How the money was paid is revealed in a letter dated January 28, 1958, and written from Gettysburg by General Arthur S. Nevins, Ike's farm manager. Addressed to George E. Allen in Washington and B. B. Byars in Tyler, Texas, it began, "Dear George and Billy" and discussed the operation of the farm in some detail. It said, in part:

"New subject - The funds for the farm operation are getting low. So would each of you also let me have your check in the usual amount of $2,500. A similar amount will be transferred to the partnership account from W. Alton Jones's funds."

In the left-hand corner of the letter is the notation that a carbon copy was being sent to W. Alton Jones.

During his eight years in the White House, Dwight Eisenhower did more for the nation's private oil and gas interests than any other President. He encouraged and signed legislation overruling a Supreme Court decision giving offshore oil to the Federal Government. He gave office space inside the White House to a committee of oil and gas men who wrote a report recommending legislation that would have removed natural-gas pipelines from control by the Federal Power Commission. In his appointments to the FPC, every commissioner Ike named except one, William Connole, was a pro-industry man. When Connole objected to gas price increases, Eisenhower eased him out of the commission at the expiration of his term.

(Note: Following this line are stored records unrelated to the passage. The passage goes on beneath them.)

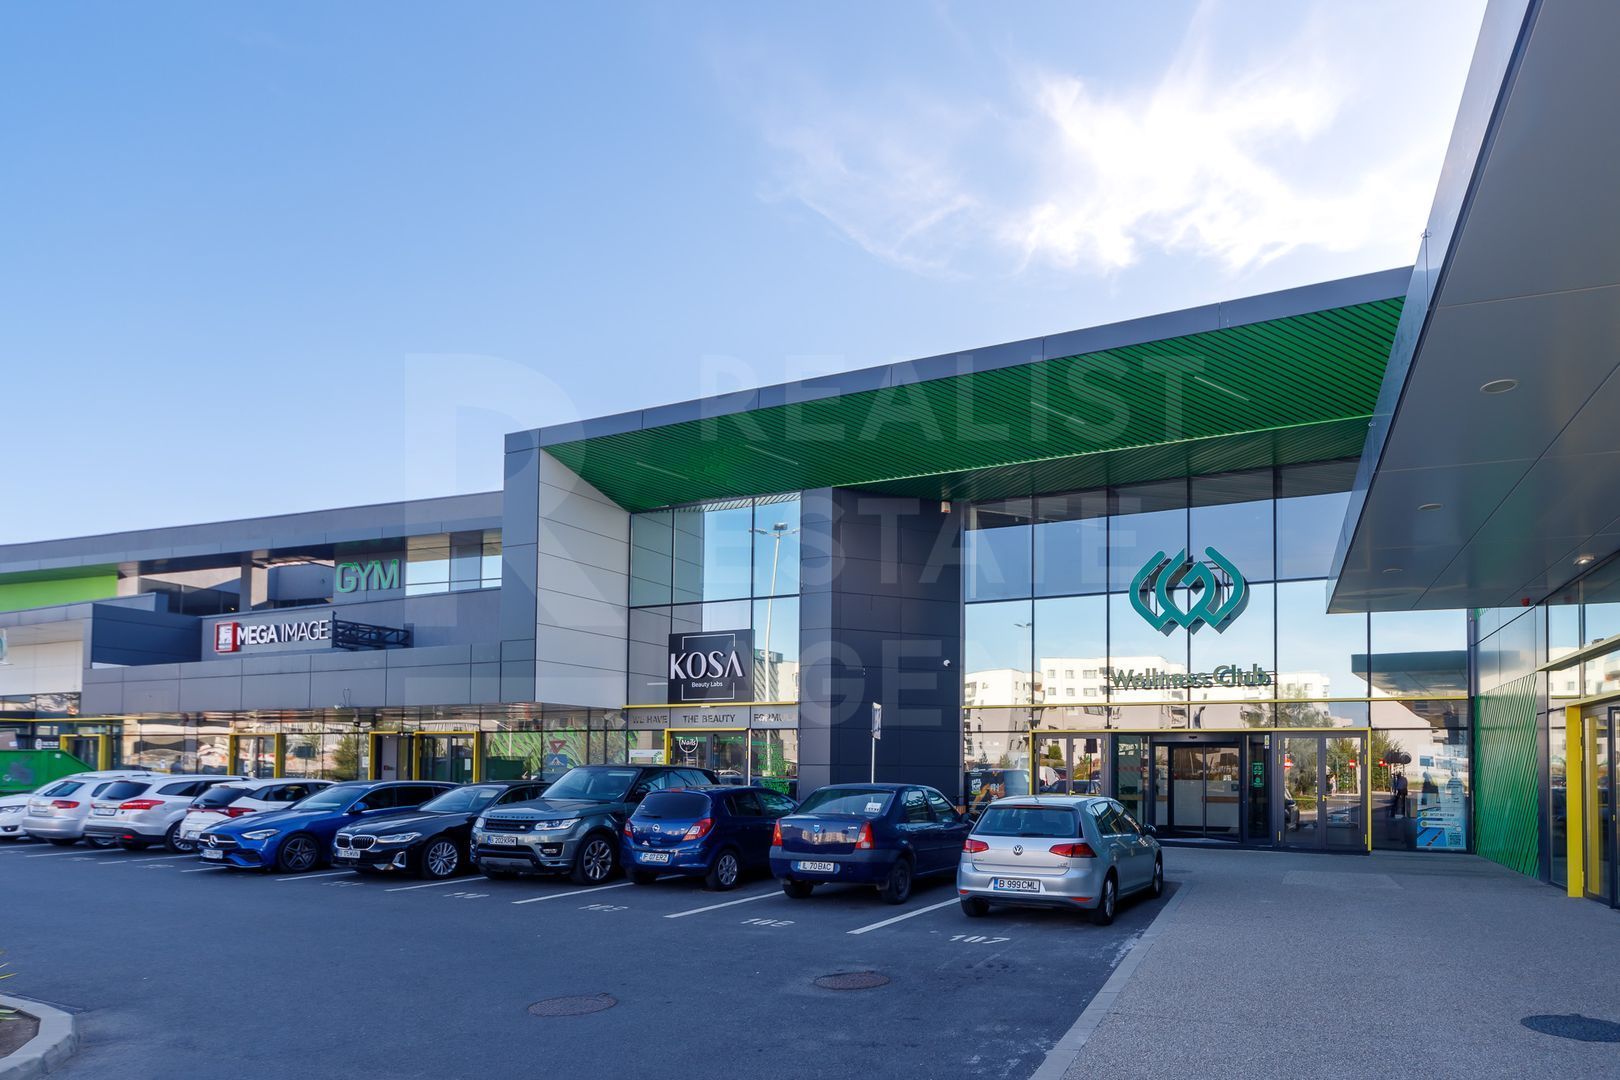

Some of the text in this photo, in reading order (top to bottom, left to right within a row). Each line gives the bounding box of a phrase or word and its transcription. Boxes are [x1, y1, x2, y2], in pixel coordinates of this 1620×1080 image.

[335, 559, 400, 593] GYM
[236, 619, 329, 645] MEGA IMAGE
[670, 650, 743, 680] KOSA
[1110, 664, 1268, 691] Wellness Club
[646, 714, 668, 724] HAVE
[683, 715, 699, 723] THE
[702, 714, 736, 723] BEAUTY
[998, 879, 1005, 888] B

On January 19, 1961, one day before he left the White House, Eisenhower signed a procedural instruction on the importation of residual oil that required all importers to move over and sacrifice 15 percent of their quotas to newcomers who wanted a share of the action. One of the major beneficiaries of this last-minute executive order happened to be Cities Service, which had had no residual quota till that time but which under Ike's new order was allotted about 3,000 barrels a day. The chief executive of Cities Service was W. Alton Jones, one of the three faithful contributors to the upkeep of the Eisenhower farm.

Three months later, Jones was flying to Palm Springs to visit the retired President of the United States when his plane crashed and Jones was killed. In his briefcase was found $61,000 in cash and travelers' checks. No explanation was ever offered - in fact none was ever asked for by the complacent American press - as to why the head of one of the leading oil companies of America was flying to see the ex-President of the United States with $61,000 in his briefcase. (438-440)

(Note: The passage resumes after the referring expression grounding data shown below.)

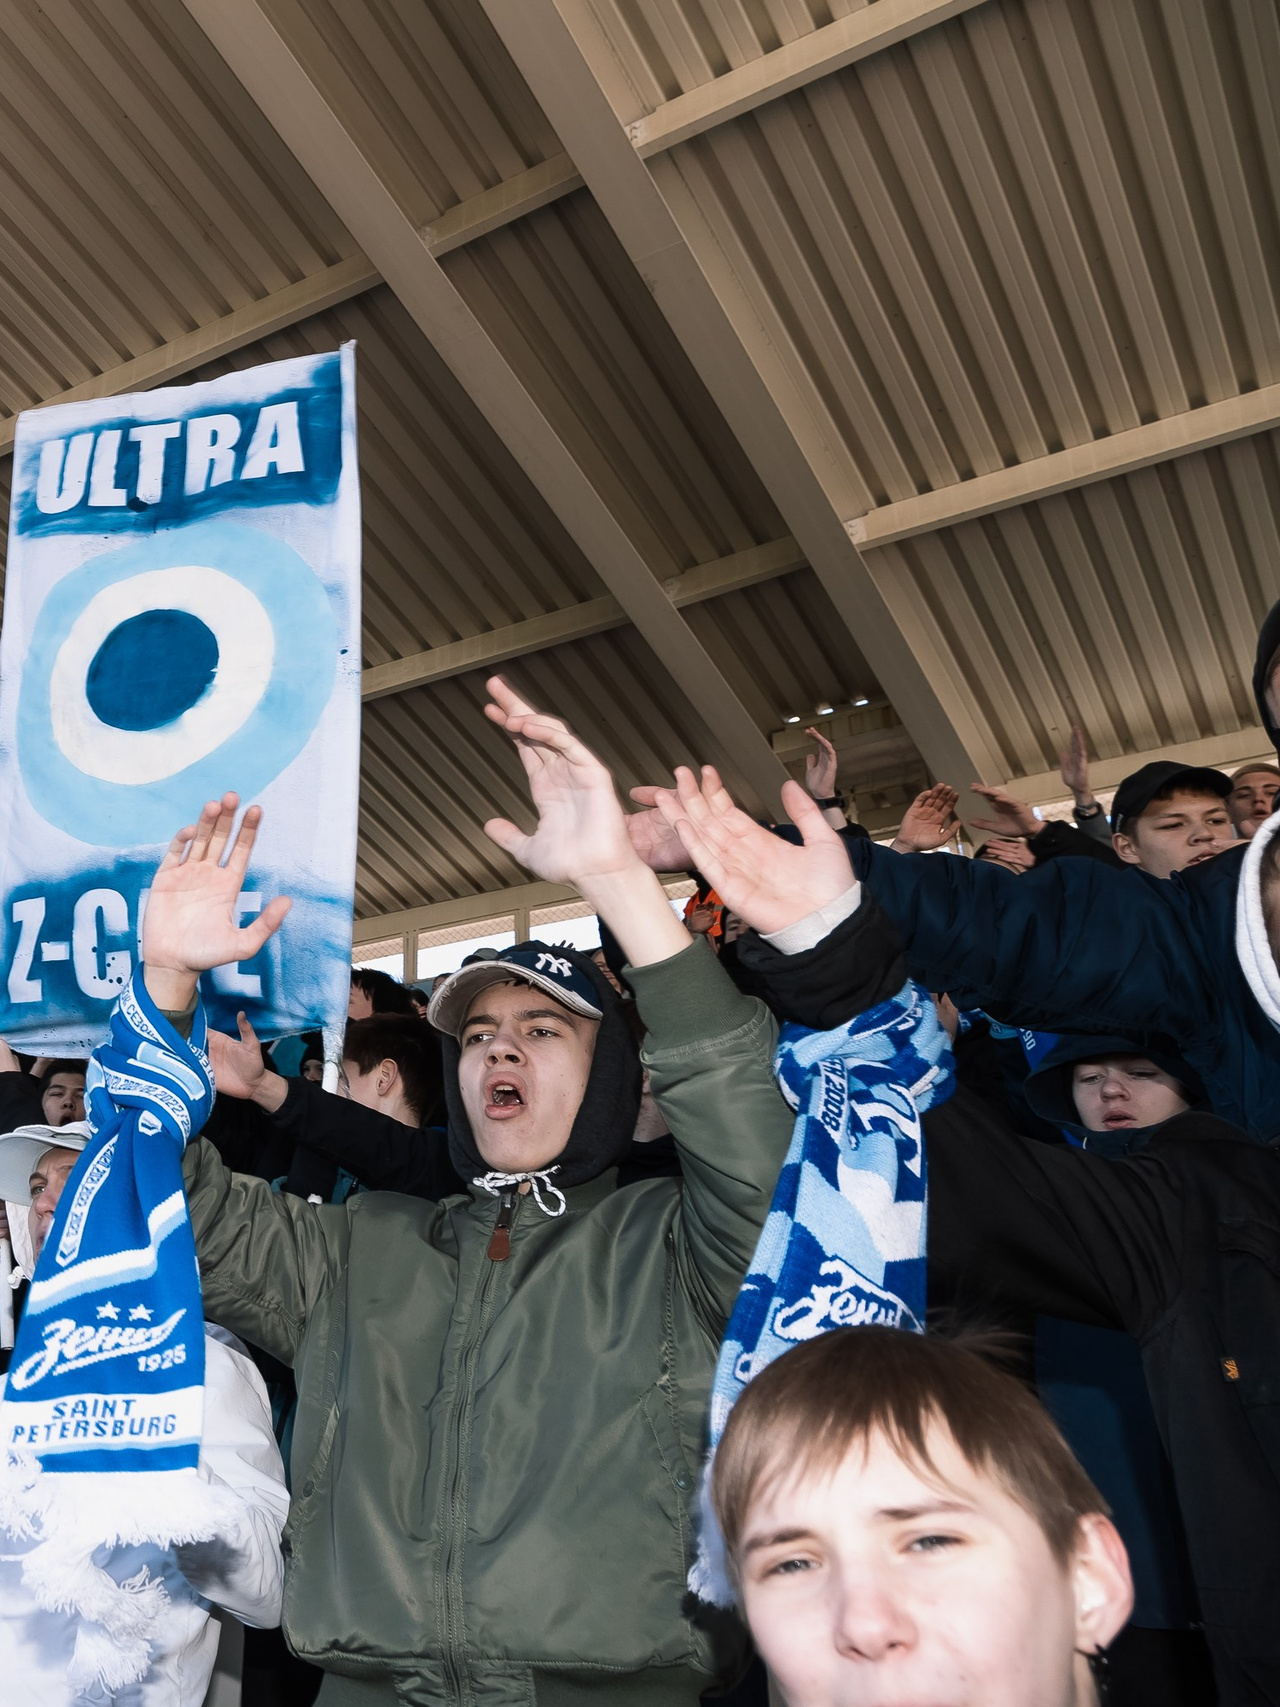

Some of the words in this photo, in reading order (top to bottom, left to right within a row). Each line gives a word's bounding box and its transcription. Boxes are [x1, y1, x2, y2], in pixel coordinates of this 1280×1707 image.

[35, 401, 306, 515] ULTRA
[534, 952, 573, 978] NY
[820, 1081, 845, 1132] 2008
[137, 1343, 187, 1372] 1925
[51, 1398, 138, 1420] SAINT
[11, 1413, 178, 1444] PETERSBURG

Robert Sherrill also wrote about Anderson and Richardson in his book, The Accidental President (1967):

Anderson's powerful influence over Lyndon Johnson, and the position Anderson was marked to play in directing the financial policies of the Johnson administration, were both known and predictable from the beginning. They have been intimate allies for thirty years of politics in Texas and Washington. They were especially intimate in the creation of an oil program which, without much public awareness, had developed to a controversial crisis that was effectively quashed only by Kennedy's death.

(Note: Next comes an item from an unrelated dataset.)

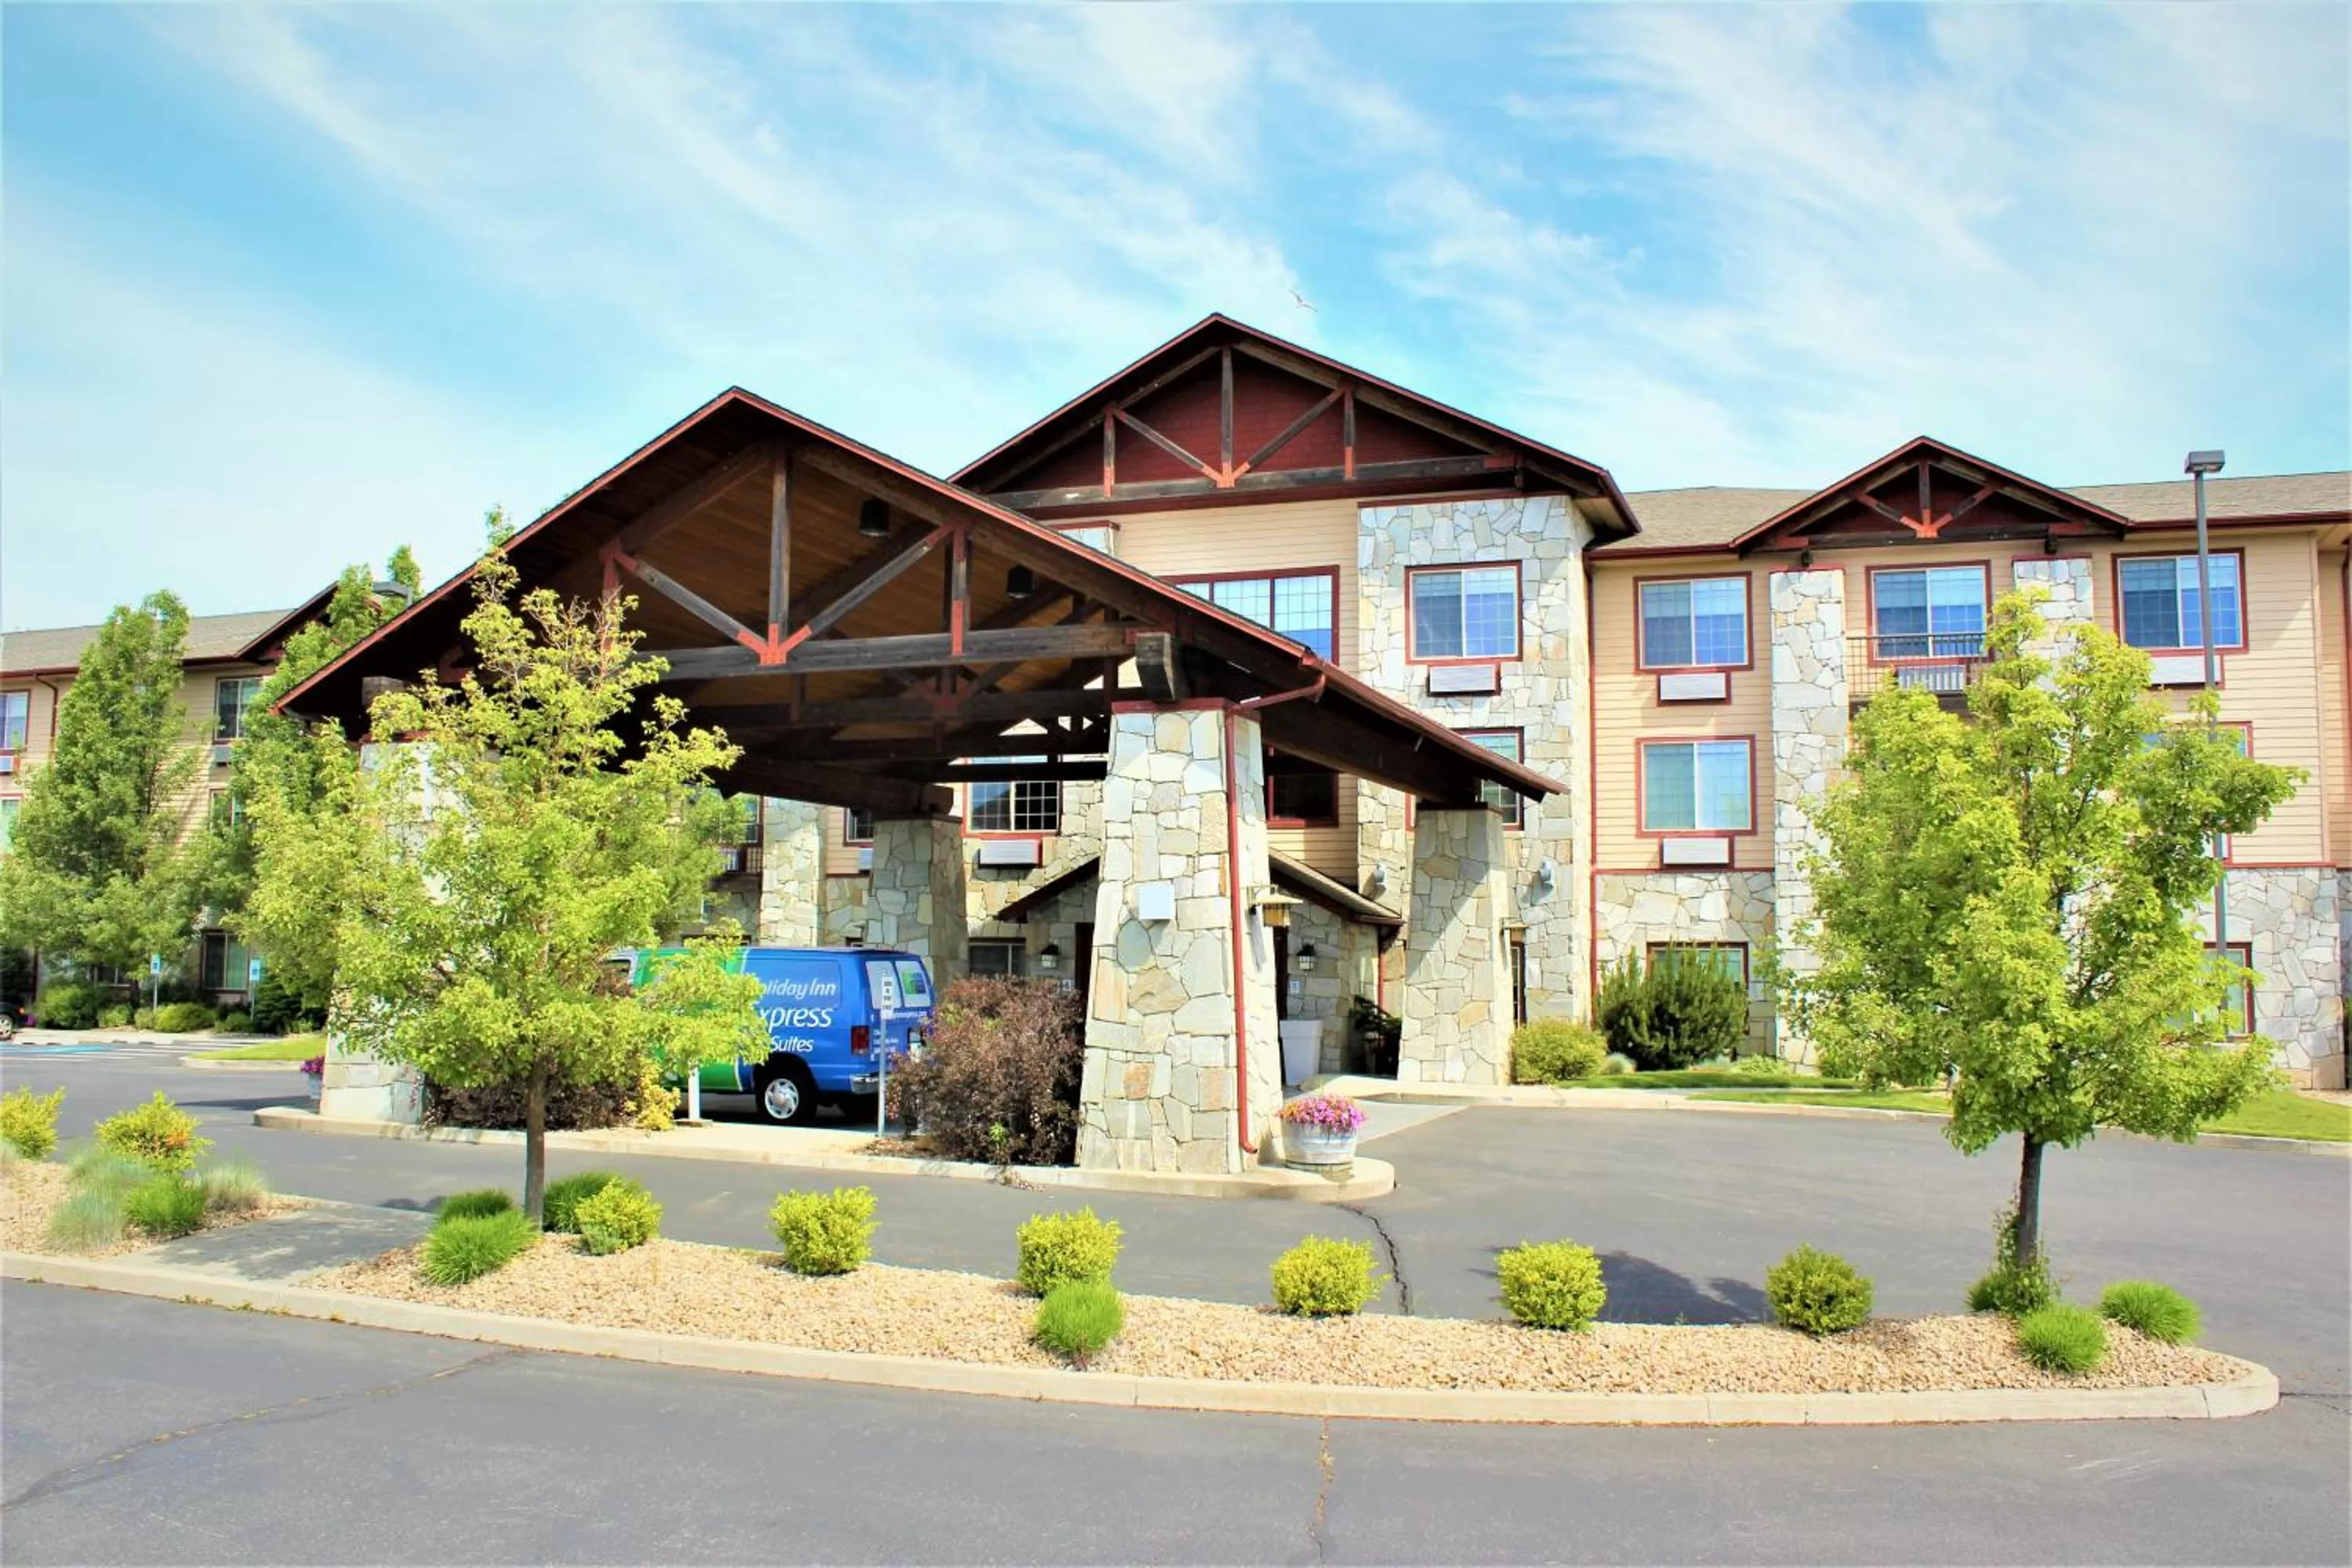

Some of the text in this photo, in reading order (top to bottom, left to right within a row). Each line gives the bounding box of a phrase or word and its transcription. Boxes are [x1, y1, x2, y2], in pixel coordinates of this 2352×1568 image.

[760, 978, 836, 1000] oliday Inn
[760, 1007, 833, 1033] xpress
[771, 1036, 815, 1052] Suites

The seed of that program was really planted, more than a quarter of a century ago, on a passenger train clacking through the night. There are several accounts of what happened, but one goes this way: oil millionaire Sid Richardson, and President Roosevelt's son Elliott, and Bill Kittrell, a kind of protegy of Sam Rayburn's and a well-known man about Texas, were keeping each other company on a trip to Washington. But the conversation was beginning to droop, so Richardson sent Kittrell into the chair car to scout for a fourth for a round of bridge. By and by Kittrell came back with a young Army colonel in tow, an open-faced fellow by the name of Dwight Eisenhower.

From the train trip developed a strong friendship between Eisenhower and Richardson; after the war, when Eisenhower was being rushed by both political parties, his Texas oil pal showed up in Paris to tell him that if he ever did get into politics he could count on plenty of Richardson money.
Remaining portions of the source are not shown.